However, this variable was the last available pointer. We therefore recommend that the number of 
these pointers should probably be extended to better serve more complex algorithms. 

The abstraction also needs to be extended to include all queue manipulation routines. In 
particular, there is no provision for redefining the QFULL macro. This causes a problem for our 
algorithm, because one needs to look at two different data areas to determine if a queue is full; 
moreover, the algorithm for determining this information is different for each structure. Due to the 
way the driver was written, we were able to work around this problem by freeing the packet after 
a call to the enqueue routine of SFQ if the appropriate queue was full. However, this is not a good 
solution because other drivers may not be written the same way, and could result in system crashes 
if care is not taken in the installation. We also had problems with the driver because it would access 
the length associated with the queue in the ifnet structure and use that to determine if there was a 
packet available to transmit. This optimization created problems in our dual queue design because 
the counters for the SFQ structure were in a different area, so the presence of SFQ packets would 
not cause any packets to be sent to the interface. We could not easily merge the necessary counters 
into the ifnet structure area, because that area was being used by VirtualClock. Even though 
inefficiency may result, the information hiding between the driver and the queueing routines needs 
to be improved. We currently have removed this optimization of accessing the queue’s data 
structure from the HSIS driver. 

In implementing our algorithm, we also noticed the code was not completed for the Ethernet. 
There is no ability to call a different dequeue function. We believe this code was left incomplete 
because BBN did not have the source available and this kind of support was not necessary for 
VirtualClock. The incomplete code did not interfere with our test, because we designed our 
experiment to avoid needing to use the hybrid algorithm on the Ethernet interface. 

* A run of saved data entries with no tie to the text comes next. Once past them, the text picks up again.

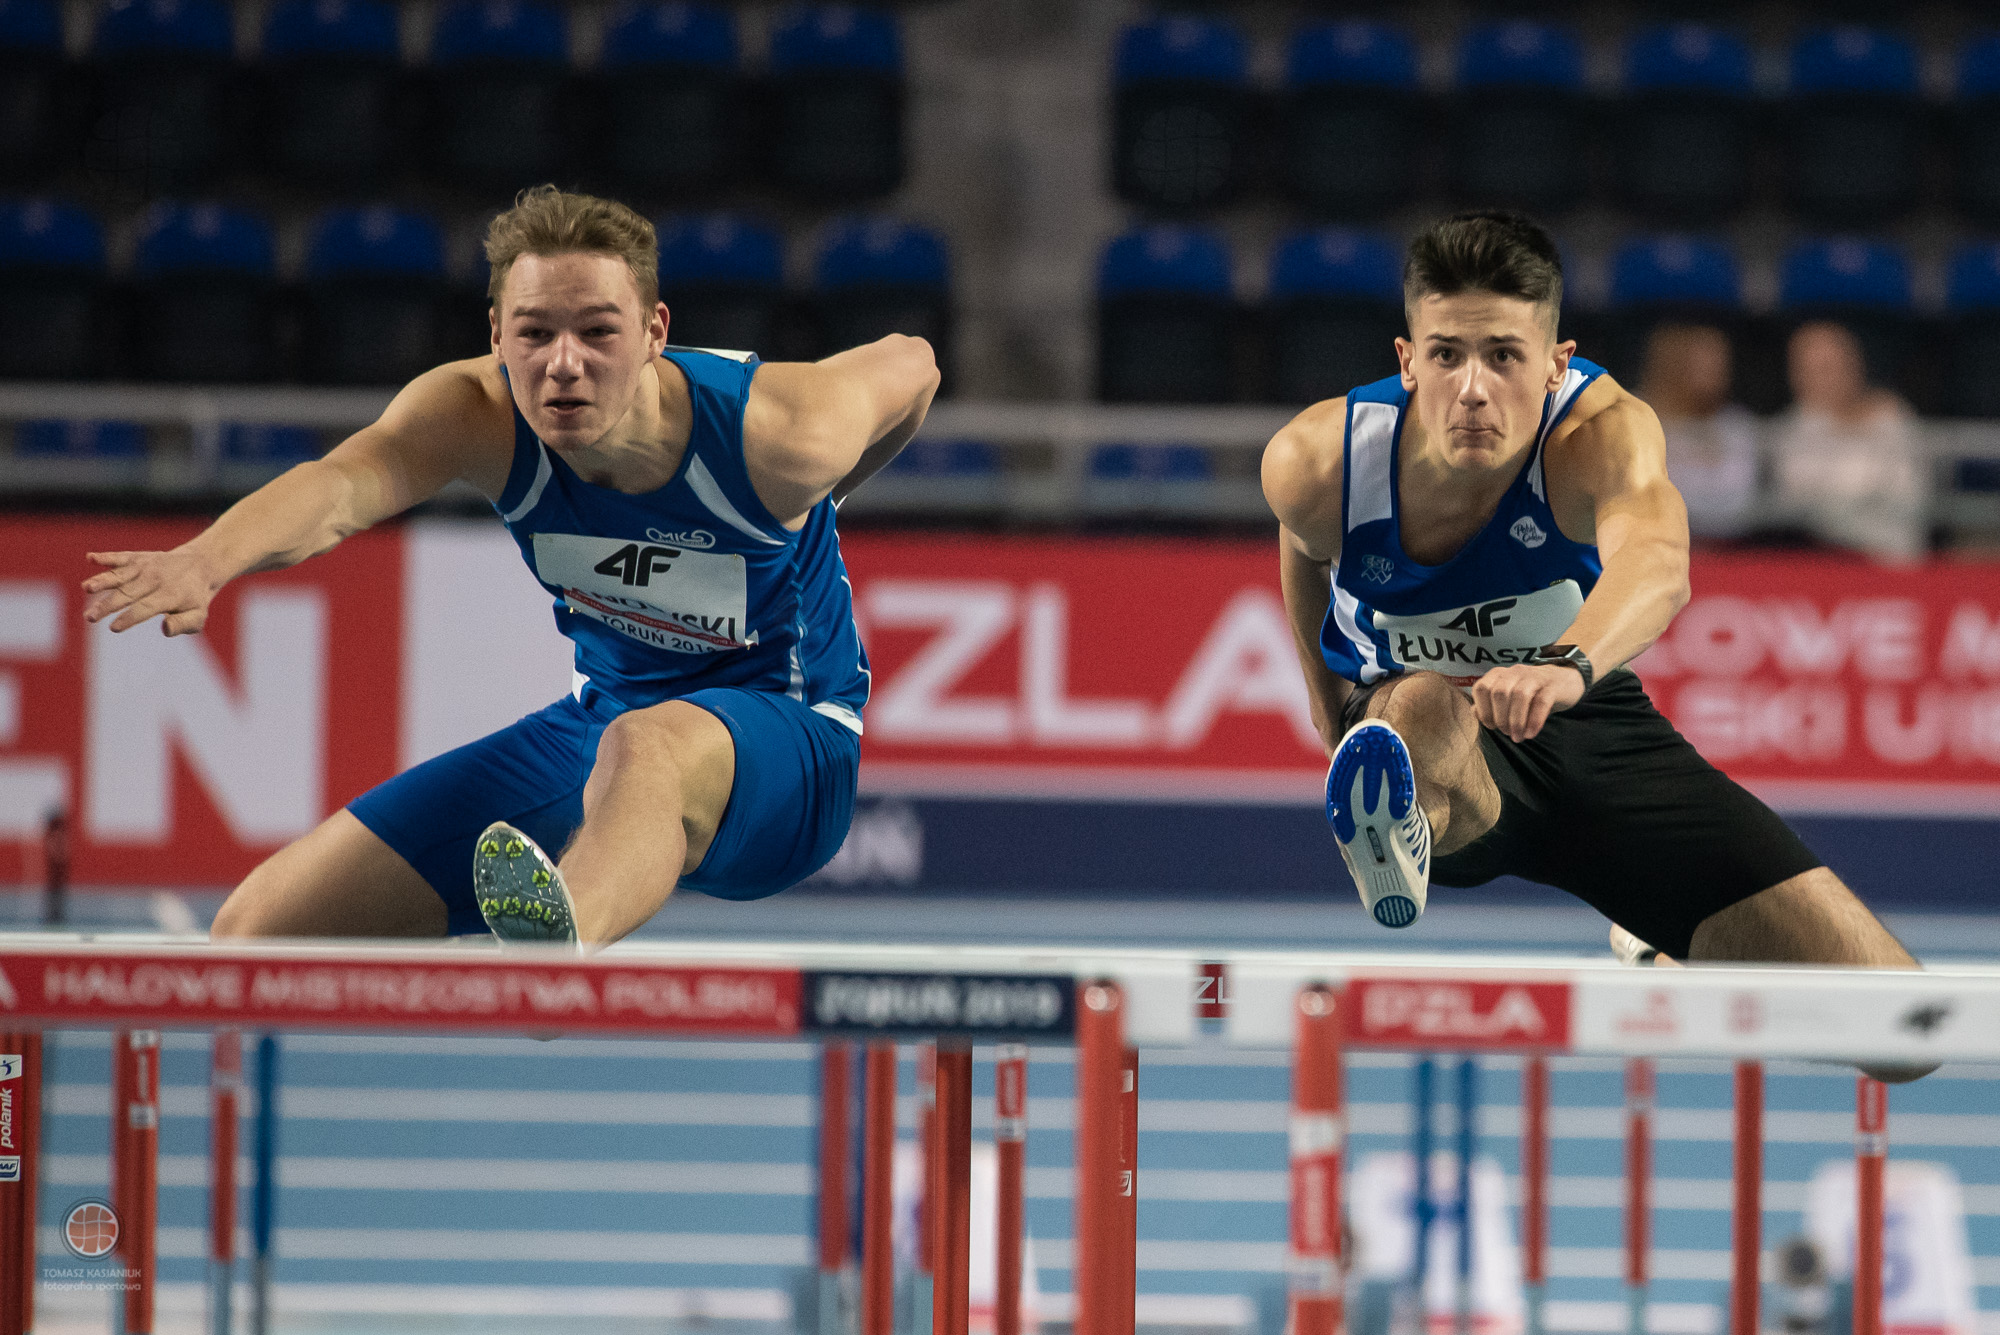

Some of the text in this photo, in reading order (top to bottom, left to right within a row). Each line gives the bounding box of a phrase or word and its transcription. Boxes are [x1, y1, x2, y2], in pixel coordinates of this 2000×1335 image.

[594, 543, 681, 587] 4F
[601, 614, 665, 645] TORUŃ
[1439, 597, 1517, 637] 4F
[855, 578, 1318, 751] ZLA
[1, 1087, 14, 1149] polanik
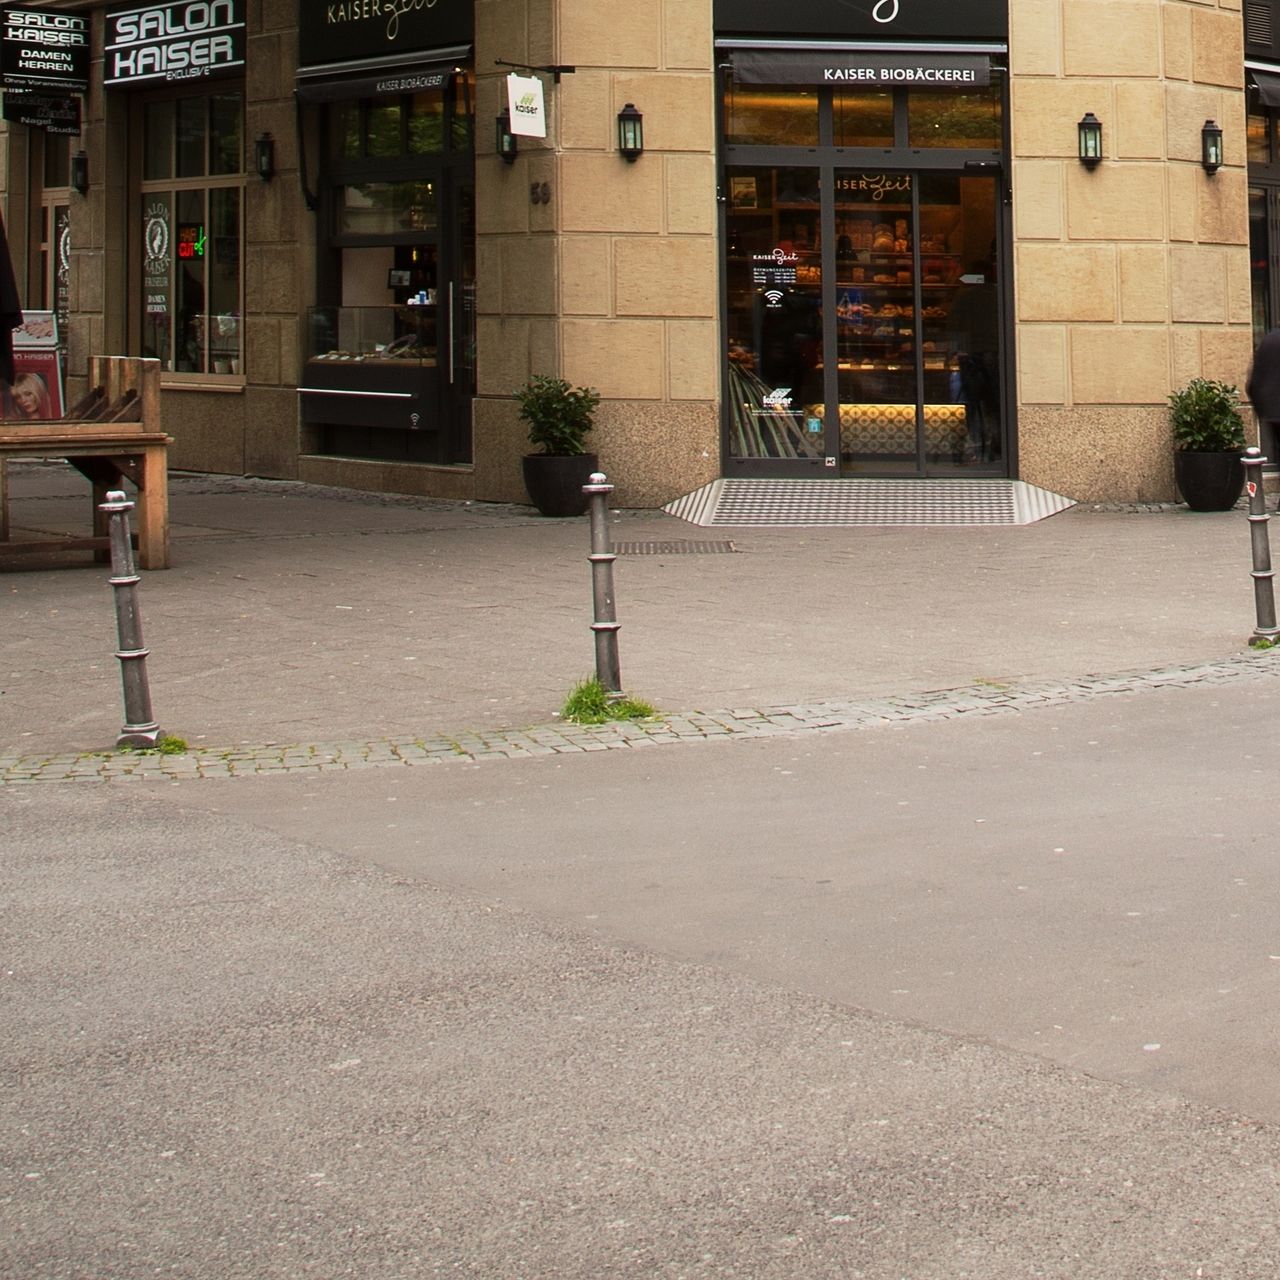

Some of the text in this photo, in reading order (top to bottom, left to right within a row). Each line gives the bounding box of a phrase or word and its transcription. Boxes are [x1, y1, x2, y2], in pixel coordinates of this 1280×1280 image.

[8, 13, 84, 29] SALON
[8, 28, 84, 44] KAISER
[21, 49, 71, 61] DAMEN
[114, 35, 233, 78] KAISER
[19, 60, 73, 71] HERREN
[824, 67, 975, 81] KAISER BIOBÄCKEREI
[28, 80, 87, 90] Voranmeldung
[376, 75, 443, 91] KAISER BIOBÄCKEREI
[515, 101, 538, 114] kaiser
[21, 116, 52, 125] Nagel
[47, 125, 80, 134] Studio
[179, 242, 194, 256] CUT

The implementation of the classification mechanism for ST-n did not seem as modular as it 
could have been. As mentioned previously, classification does not happen until enforcement; so we 
needed to rethink the design for this function. We do not believe this should have been necessary. 

Finally, to add SFQ to this abstraction only involved minor modifications to the existing SFQ 
code. Besides changing the location of the existing head pointer and allowing the routines to access 
the appropriate area in the ANetIF structure, we only needed to change the software to use routines 
instead of macros. 


4 EXPERIMENTS 

The experiments were executed on DARTnet, an ARPA research testbed network. DARTnet 
is a cross-country T1 network* that connects research sites viaTl tail circuits. The routers and 
most of the hosts are SPARC 1+, with the exception of two hosts, MM5 and Malarky, which are 
SPARC 2s. Figure 2 illustrates the portion of the network used in the experiment. 


♦Due to hardware constraints, the network operates at 1 .334 Mb/s instead of 1.536 Mh/s.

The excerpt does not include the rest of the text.